The murine
monoclonal antibody BR55-2 is directed against the
tumor-associated
antigen Lewis
Y oligosaccharide. The Lewis Y core
antigen is a difucosylated structure consisting of four
hexose units. Analysis of binding profiles of lactoseries isomeric structures by BR55-2 suggest that the binding
epitope includes the OH-4 and OH-3 groups of the beta-
D-galactose unit, the 6-CH3 groups of the two
fucose units and the N-acetyl group of the subterminal beta-D-
N-acetylglucosamine (beta DGlcNAc). To elucidate the molecular recognition properties of BR55-2 for the Y
antigen, BR55-2 was cloned, sequenced and its three-dimensional structure was examined by molecular modeling.

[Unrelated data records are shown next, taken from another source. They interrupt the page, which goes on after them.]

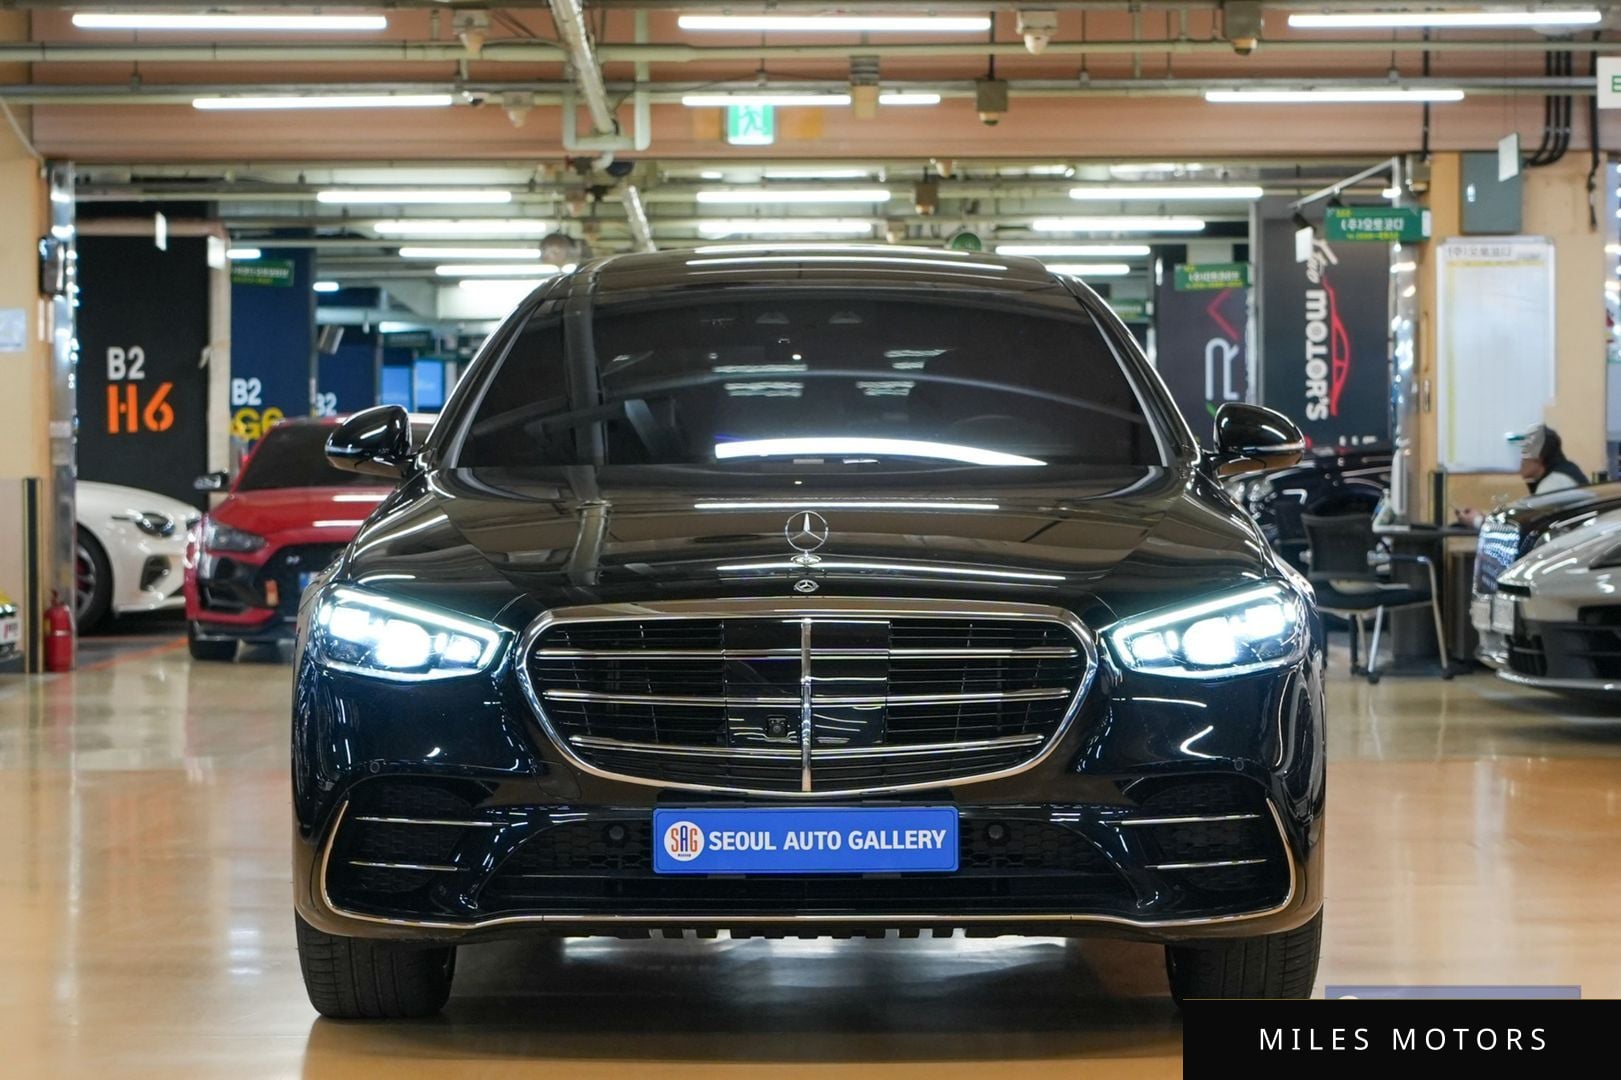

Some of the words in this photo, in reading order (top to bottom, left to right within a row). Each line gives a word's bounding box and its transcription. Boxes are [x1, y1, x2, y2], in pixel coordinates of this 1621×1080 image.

[107, 346, 145, 380] B2
[232, 377, 262, 406] B2
[107, 382, 174, 434] H6
[671, 825, 698, 852] SAG
[709, 831, 777, 851] SEOUL
[783, 831, 842, 850] AUTO
[848, 829, 947, 850] GALLERY
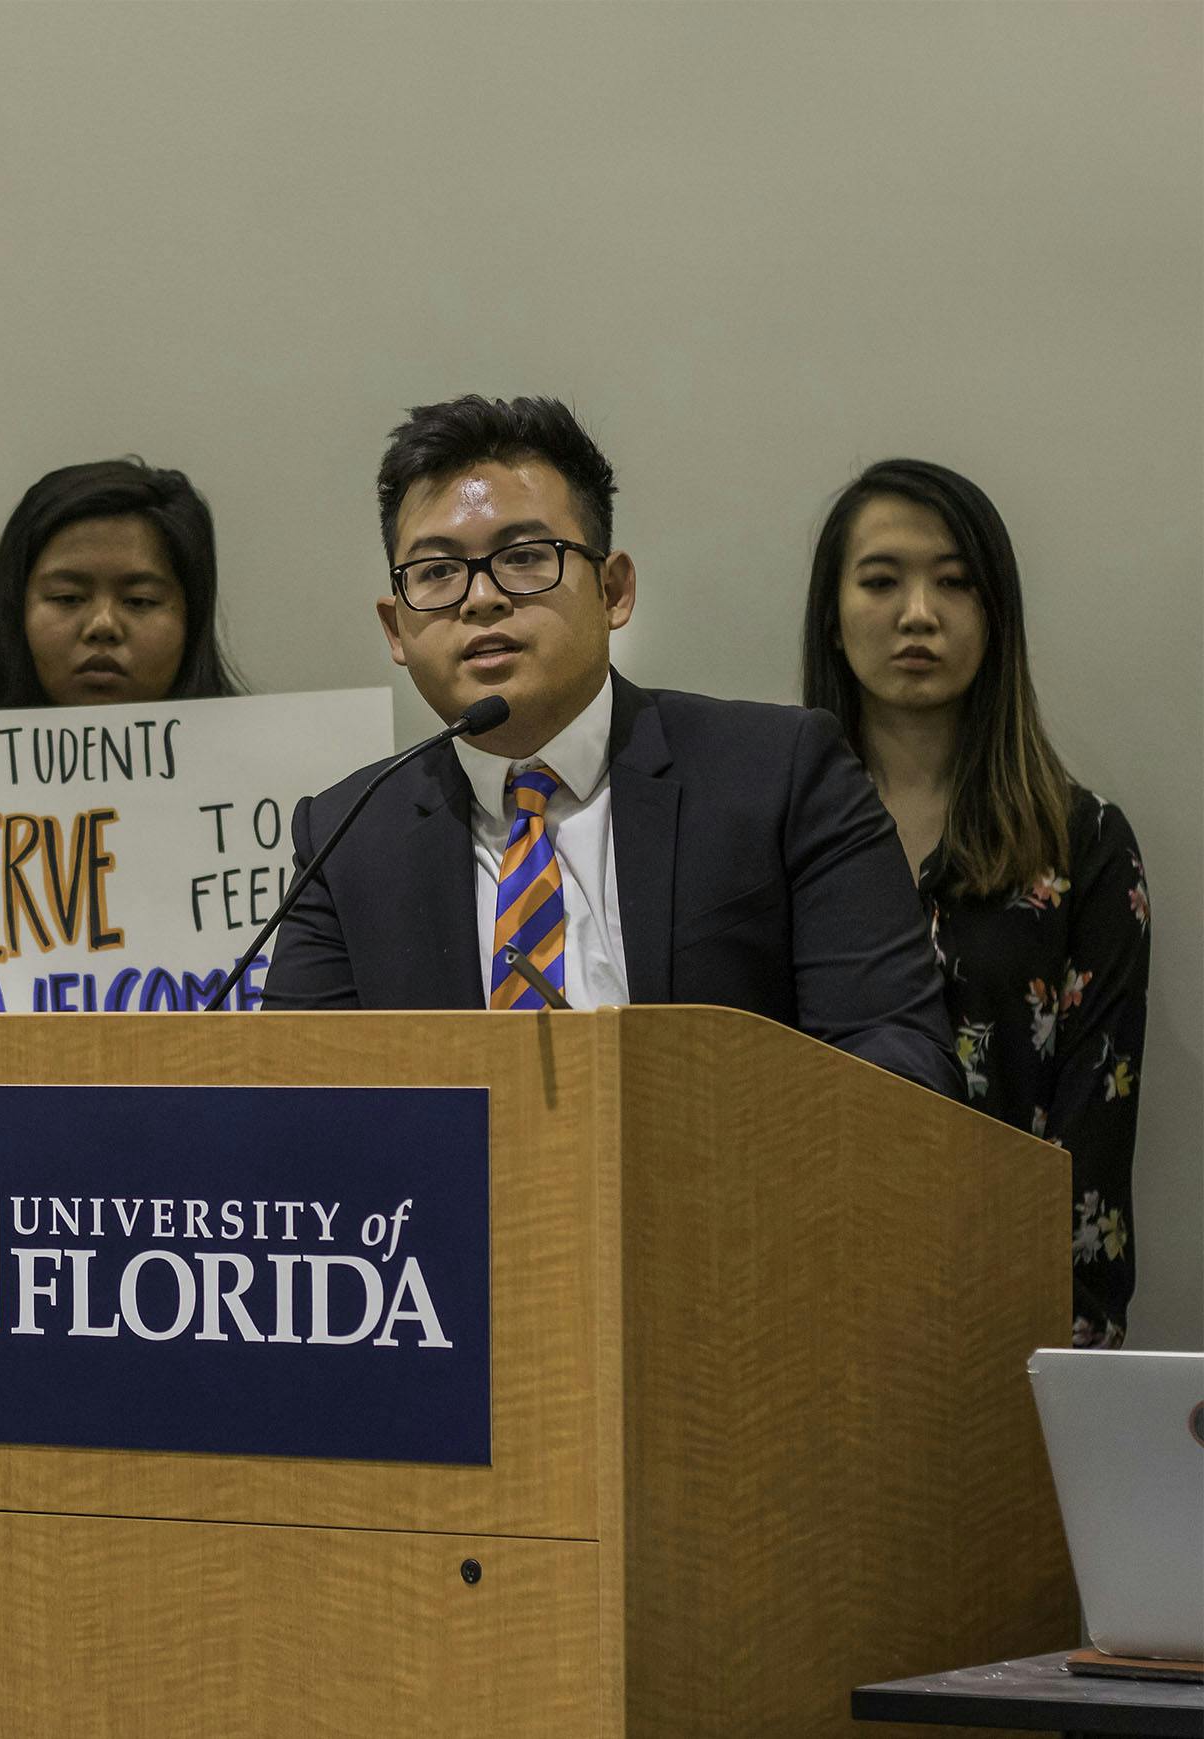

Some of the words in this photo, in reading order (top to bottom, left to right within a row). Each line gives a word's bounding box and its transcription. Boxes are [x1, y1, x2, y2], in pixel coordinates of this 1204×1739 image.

[199, 798, 281, 853] TO
[11, 1196, 340, 1242] UNIVERSITY
[361, 1199, 413, 1261] of
[10, 1247, 453, 1349] FLORIDA
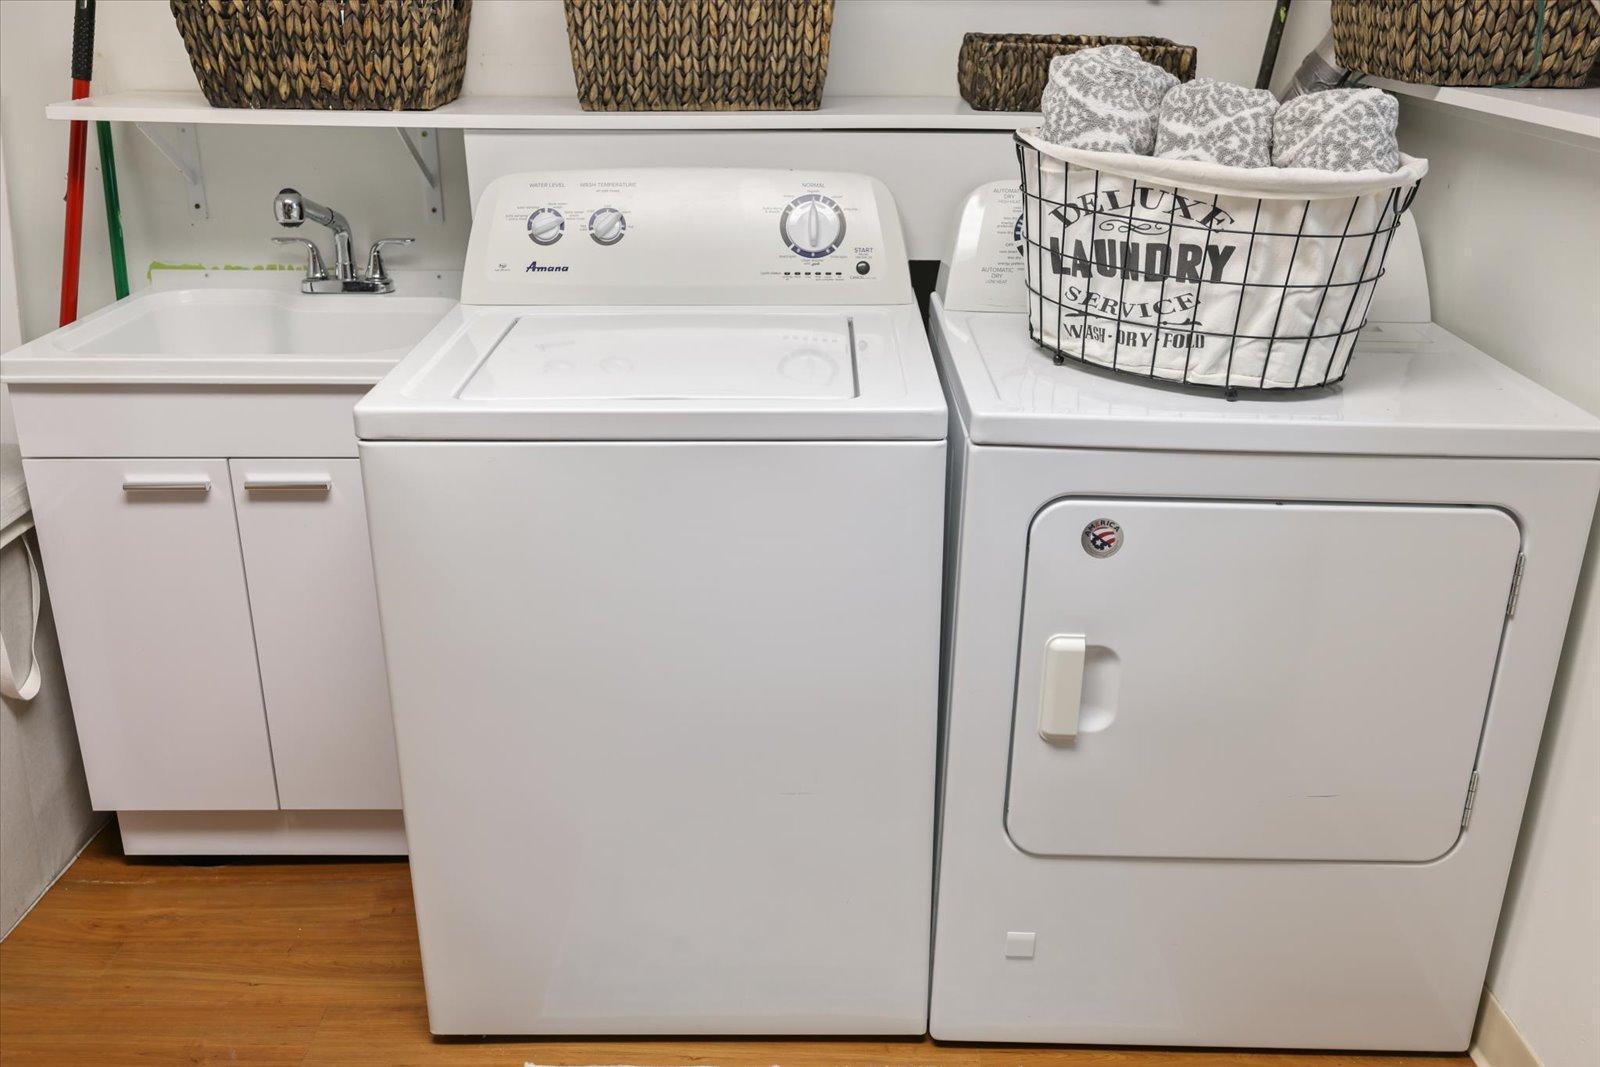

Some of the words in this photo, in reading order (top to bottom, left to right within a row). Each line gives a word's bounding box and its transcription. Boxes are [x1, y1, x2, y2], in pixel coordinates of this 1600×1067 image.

[1048, 187, 1235, 233] DELUXE
[526, 261, 569, 272] Amana
[1049, 236, 1236, 284] LAUNDRY
[1064, 285, 1202, 318] SERVICE
[1063, 323, 1106, 343] WASH
[1117, 329, 1153, 347] DRY
[1162, 332, 1206, 349] FOLD
[1085, 520, 1120, 537] AMERICA
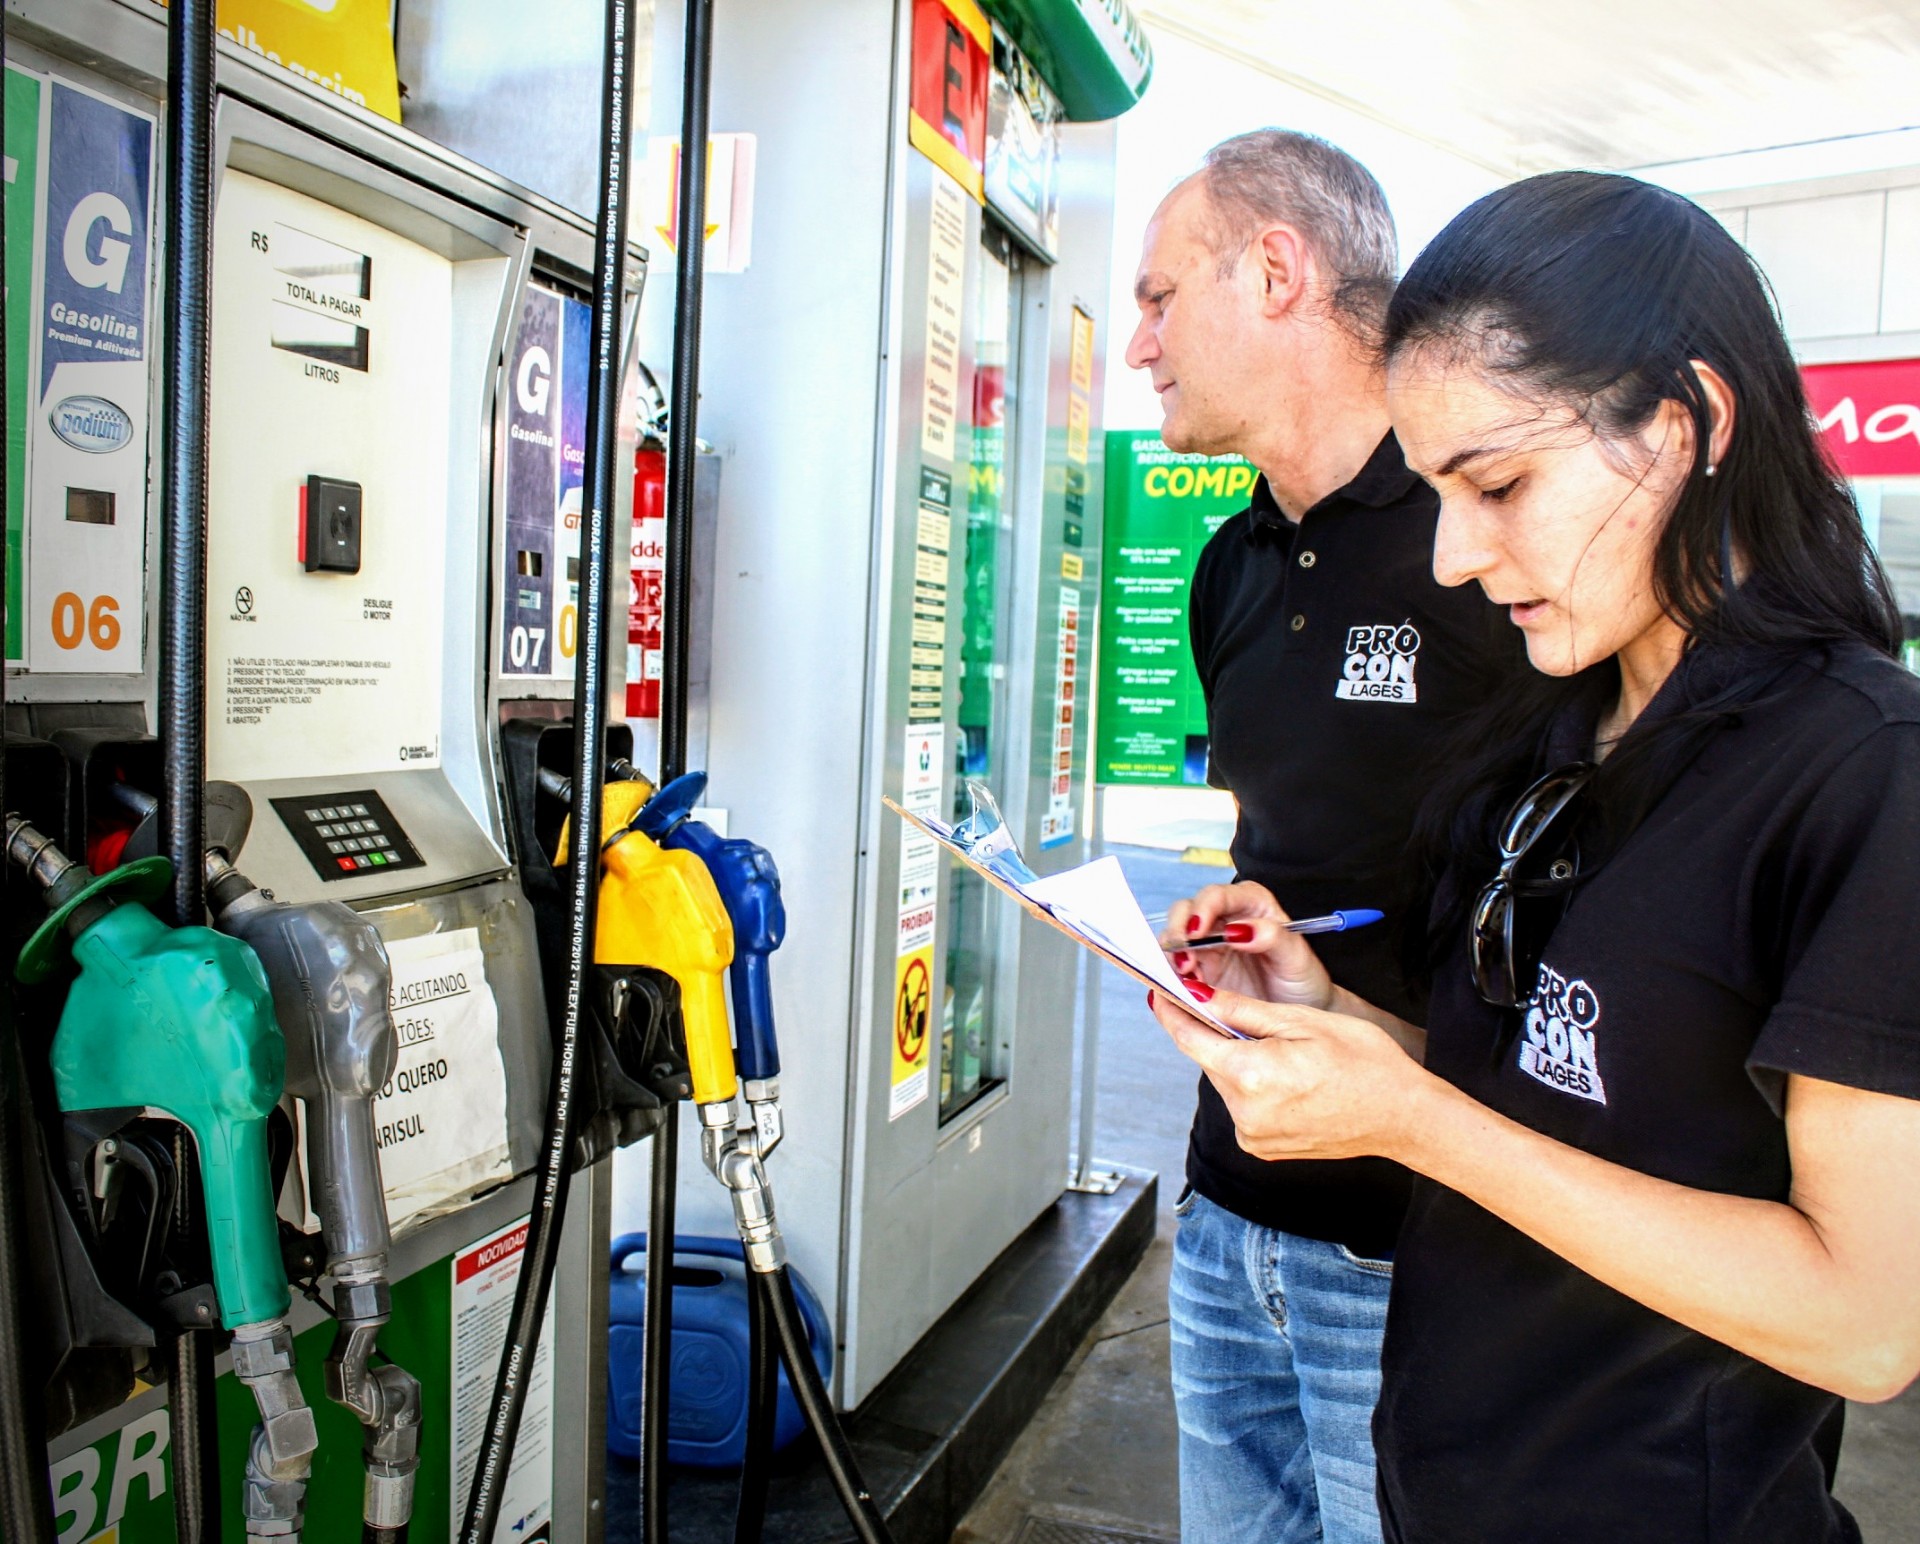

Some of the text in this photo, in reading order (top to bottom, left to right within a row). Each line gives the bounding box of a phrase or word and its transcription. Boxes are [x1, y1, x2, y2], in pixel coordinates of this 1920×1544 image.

The crystal structure of BR96, another anti-Lewis Y antibody, solved in complex with a nonoate methyl
ester Lewis Y tetrasaccharide, and the
lectin IV
protein in complex with a
Lewis b tetrasaccharide core were used as a guide to probe the molecular basis for BR55-2
antigen recognition and specificity. Our modeling study shows that BR55-2 shares similar recognition features for the difucosylated type 2 lactoseries Lewis Y structure observed in the BR96-sugar complex. We observe that a major source of specificity for the Lewis Y structure by anti-Y
antibodies emanates from interaction with the beta-D-
N-acetylglucosamine residue and the nature of the structures extended at the reducing site of the fucosylated lactosoamine.